┌──

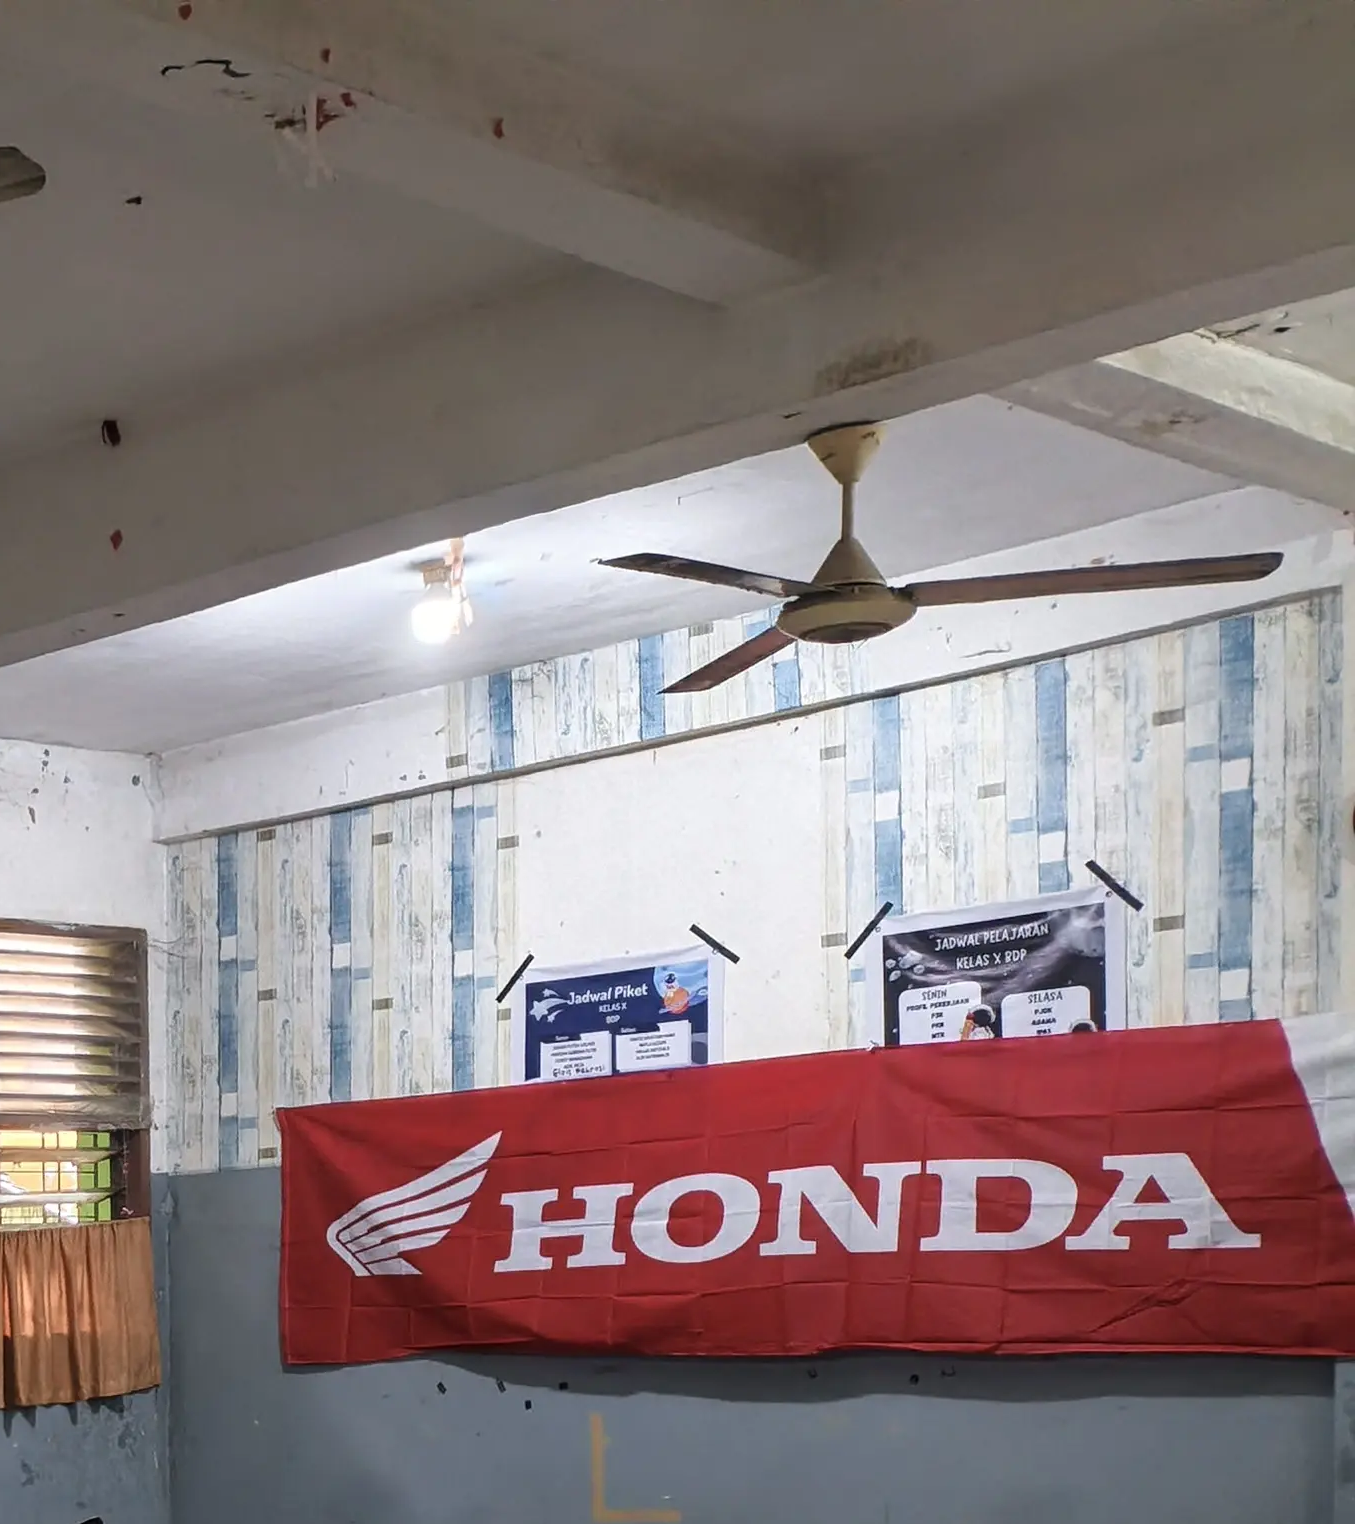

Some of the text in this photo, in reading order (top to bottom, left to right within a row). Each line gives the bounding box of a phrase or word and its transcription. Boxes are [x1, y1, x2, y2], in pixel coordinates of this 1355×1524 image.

[935, 923, 1049, 951] JADWAL PELAJARAN
[956, 948, 1027, 970] KELAS X BDP
[567, 983, 648, 1005] Jadwal Piket
[922, 989, 947, 1000] SENIN
[1028, 991, 1063, 1004] SELASA
[599, 1003, 620, 1013] KELAS
[493, 1153, 1261, 1273] HONDA

└──

What the task asks =>
Whenever a line holds a picture, print that line without the picture. All other data must be output exactly.

Exercise output =>
Some of the text in this photo, in reading order (top to bottom, left to right within a row). Each line gives the bounding box of a phrase or word and its transcription. Boxes are [x1, y1, x2, y2], in pixel coordinates of this 1355×1524 image.

[935, 923, 1049, 951] JADWAL PELAJARAN
[956, 948, 1027, 970] KELAS X BDP
[567, 983, 648, 1005] Jadwal Piket
[922, 989, 947, 1000] SENIN
[1028, 991, 1063, 1004] SELASA
[599, 1003, 620, 1013] KELAS
[493, 1153, 1261, 1273] HONDA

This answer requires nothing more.